For most of our lives we are moving at such a fast pace that we simply take many basic things for granted. Later that day, I met two teens who had just finished sleeping in a Bedouin tent in the Judean desert as part of our program before hiking up Masada. While one might think that sleeping on a thin mattress underneath a goat hair tent in the middle of the desert with fifty other teens would be challenging, these two teens said, “I could stay here forever.” When I asked them why they spoke about the sand, stars and the powerful quietude of the desert. This summer there are so many moments of discomfort and yet, it is precisely during these same moments (once we get through them), that inspire profound gratefulness and consciousness.

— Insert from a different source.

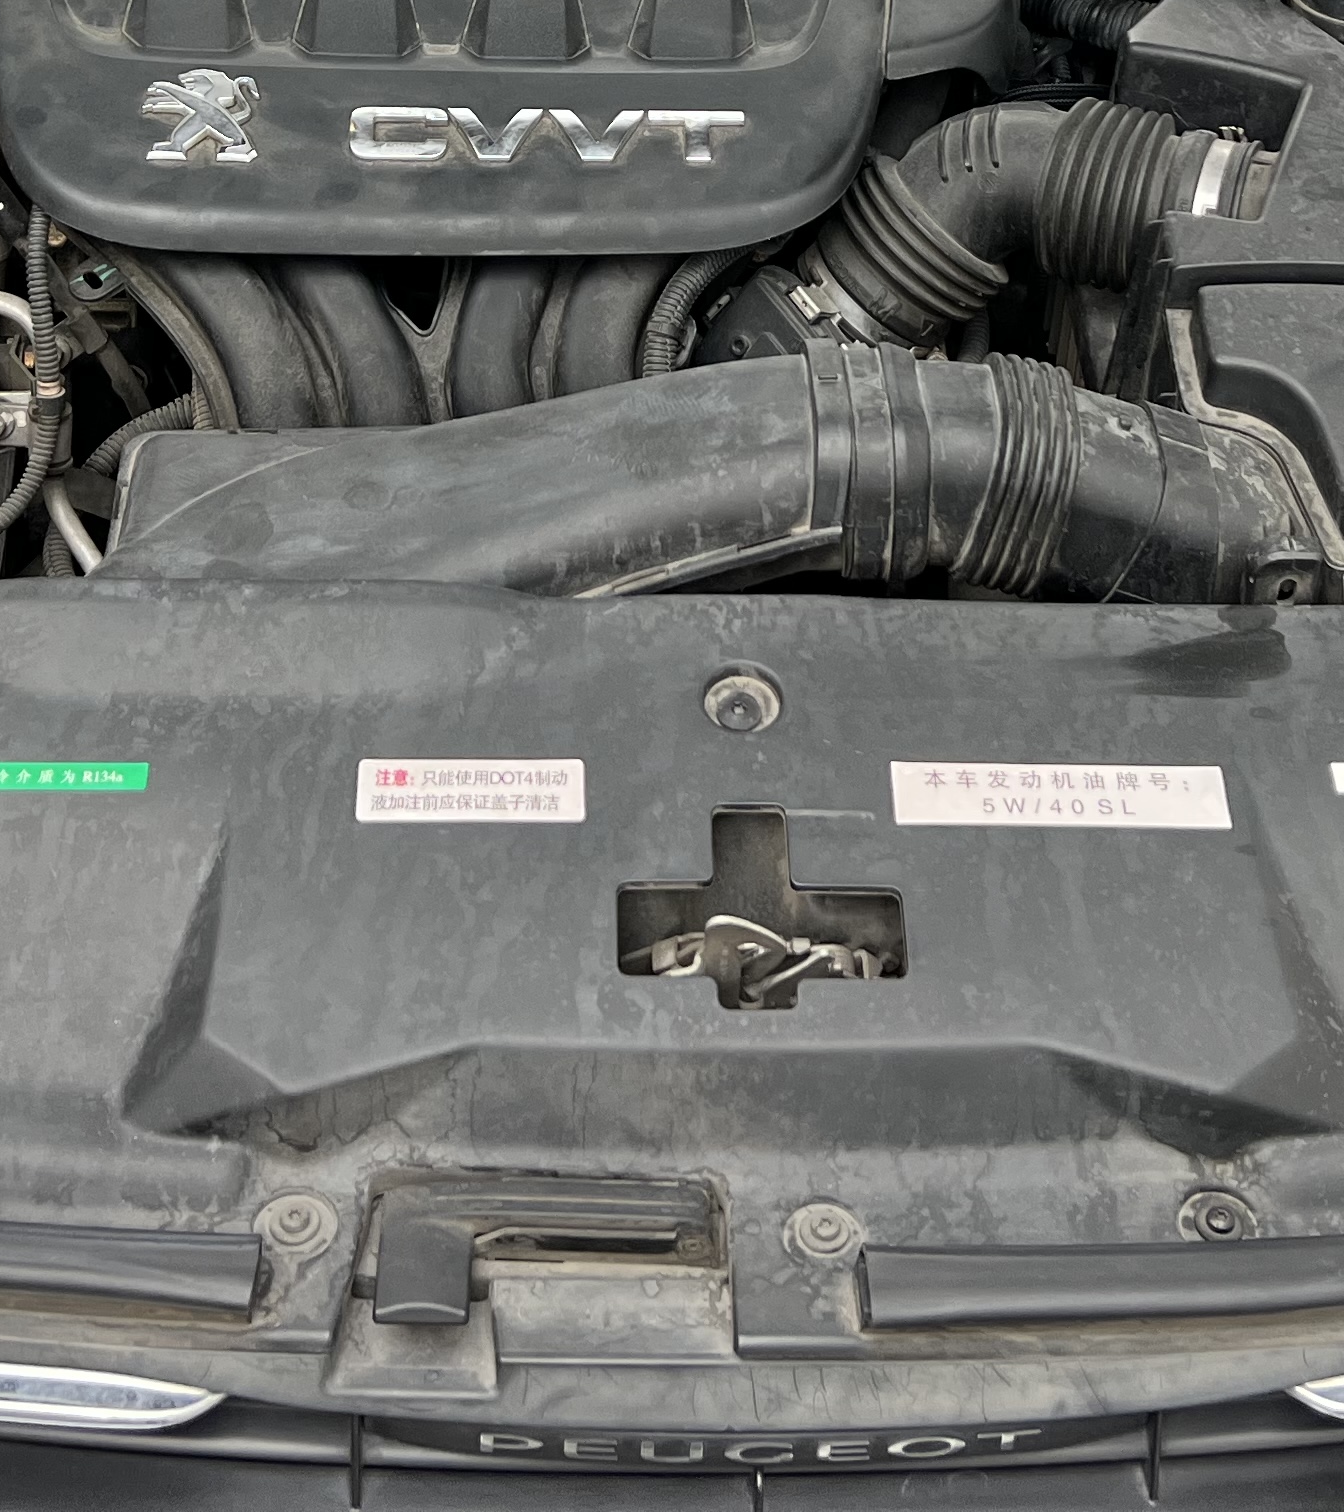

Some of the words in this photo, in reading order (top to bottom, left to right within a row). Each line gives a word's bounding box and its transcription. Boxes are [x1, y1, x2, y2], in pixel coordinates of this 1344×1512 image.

When Abraham Joshua Heschel was marching in Montgomery, Alabama for Equal Rights he said, “My legs are praying.” This idea of “my legs are praying” is true for NFTY in Israel too, but on a different level. As these young people hike and walk through this country, they are being exposed to so many different landscapes, situations and ideas that invite them to encounter new worlds and old civilizations but, at the same time reflect about their life back home. When we reflect in this sort of manner it is in essence like prayer. After all the word in Hebrew for prayer is להתפלל L’Hitpallel, which is a reflexive verb that means to self-reflect. So much of this summer is in part discovering new concepts, but also re-evaluating everyday occurrences we knew from before and never really thought about deeply about – like running water, sand, or the stars at night.
This is type of reflection is such a basic part to being Jewish. Every morning when we wake up, the first prayer we traditionally say is מדה אני לפנך Modeh Ani Lefanecha which means I give thanks before you, oh God. It is absolutely remarkable that the first words in the Jewish prayer book begin with a moment of consciousness to be thankful for actually have woken up. The Jewish service then continues with being thankful for the most basic gifts like seeing, hearing and walking, all miracles that most of us take for granted. It is taught in the Talmud that a Jewish person should utter one hundred blessings a day. But what is important here is not the number of prayers we say, rather it is that we come from a tradition that tells us that it’s important to be spiritually perceptive.
As our teens conclude another week in Israel and we move into Shabbat, we know they will have time to self-reflect through traditional Jewish prayer, as well as look back on the week where they realized even running water can stand out as a miracle. In the words of Abraham Joshua Heschel:
“The world has our hands, but our soul belongs to Someone Else. Six days a week we seek to dominate the world, on the seventh day we try to dominate the self.”
Wishing all of you a Shabbat of wonder, self-reflection and of gratefulness.